■ WHAT THE TASK ASKS ■
If a record contains an image, leave the image out and repeat everything else exactly.

■ RECORDS FOR THIS TASK ■
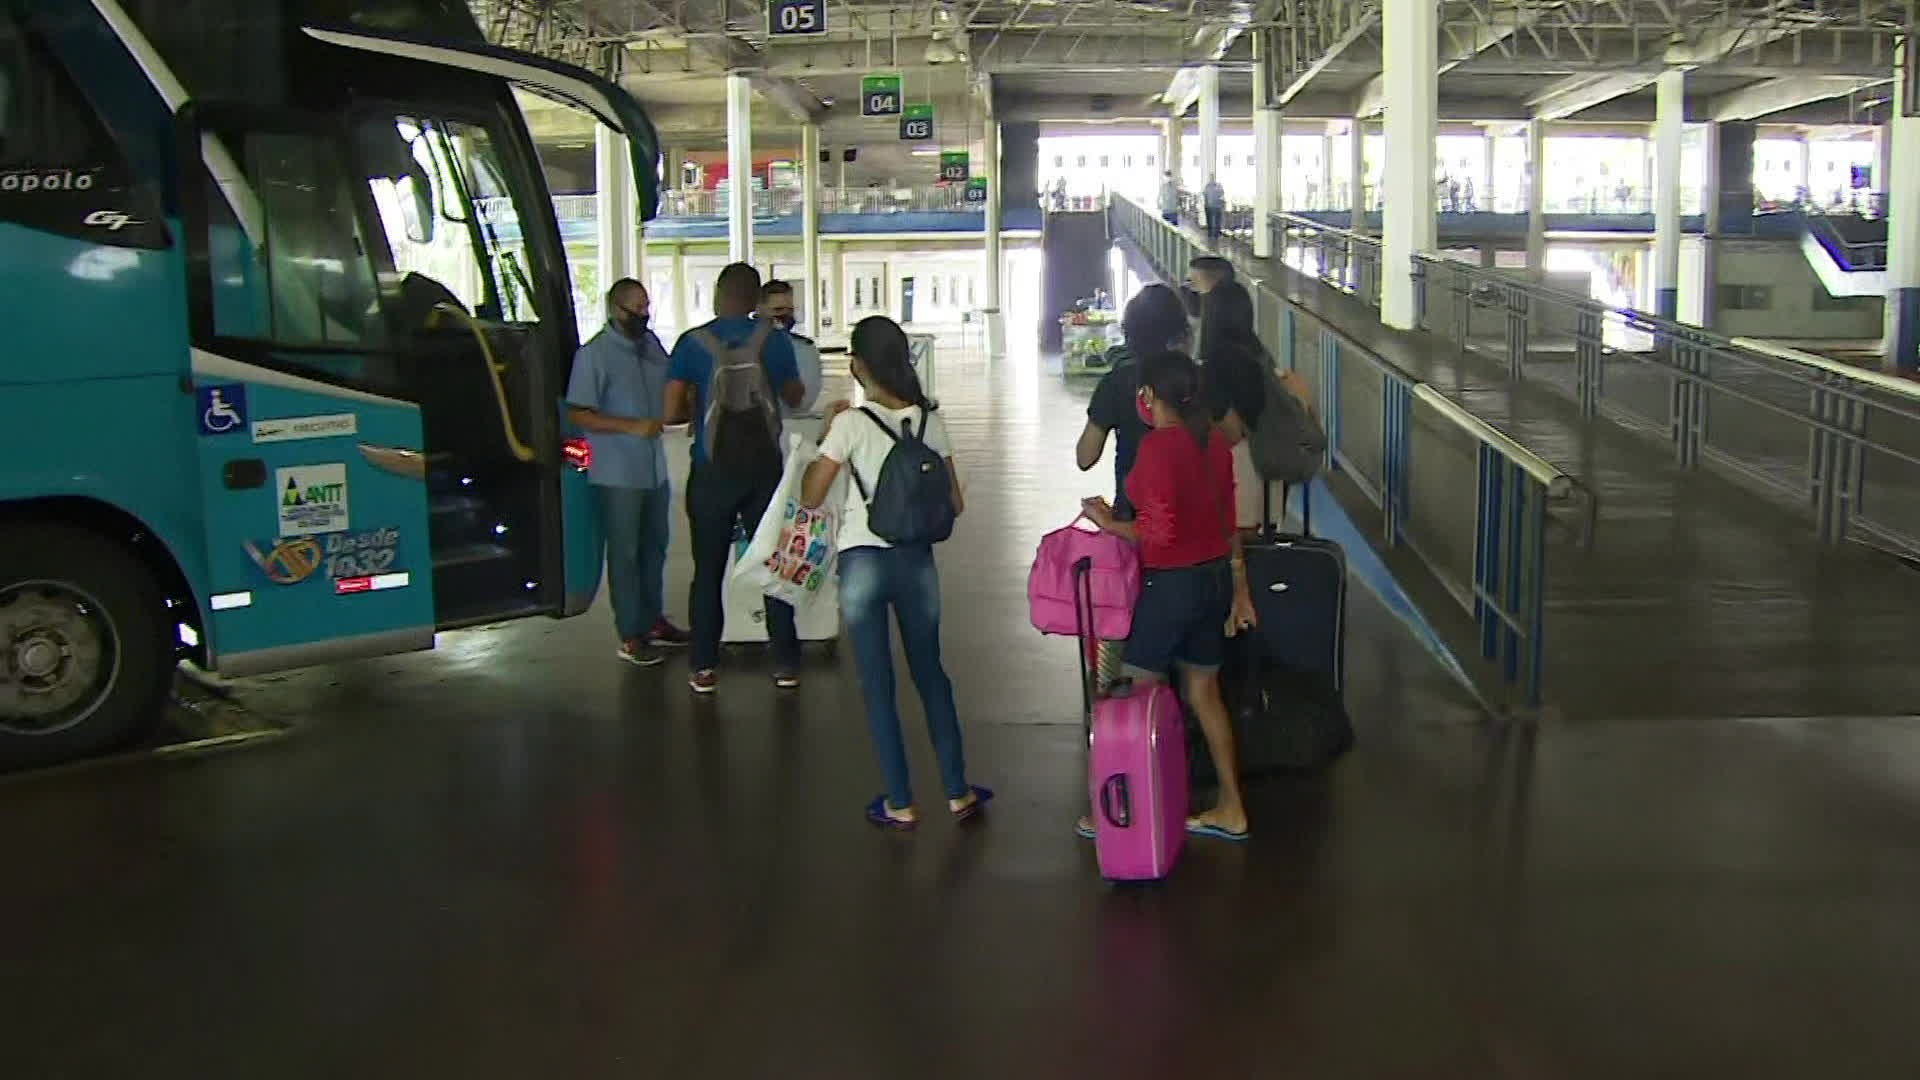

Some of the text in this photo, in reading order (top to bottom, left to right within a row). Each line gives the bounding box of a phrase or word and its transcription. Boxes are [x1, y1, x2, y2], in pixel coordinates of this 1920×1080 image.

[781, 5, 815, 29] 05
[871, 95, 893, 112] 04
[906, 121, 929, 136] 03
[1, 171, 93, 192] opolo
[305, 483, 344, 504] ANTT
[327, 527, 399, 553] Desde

■ SOLUTION ■
Some of the text in this photo, in reading order (top to bottom, left to right within a row). Each line gives the bounding box of a phrase or word and its transcription. Boxes are [x1, y1, x2, y2], in pixel coordinates of this 1920×1080 image.

[781, 5, 815, 29] 05
[871, 95, 893, 112] 04
[906, 121, 929, 136] 03
[1, 171, 93, 192] opolo
[305, 483, 344, 504] ANTT
[327, 527, 399, 553] Desde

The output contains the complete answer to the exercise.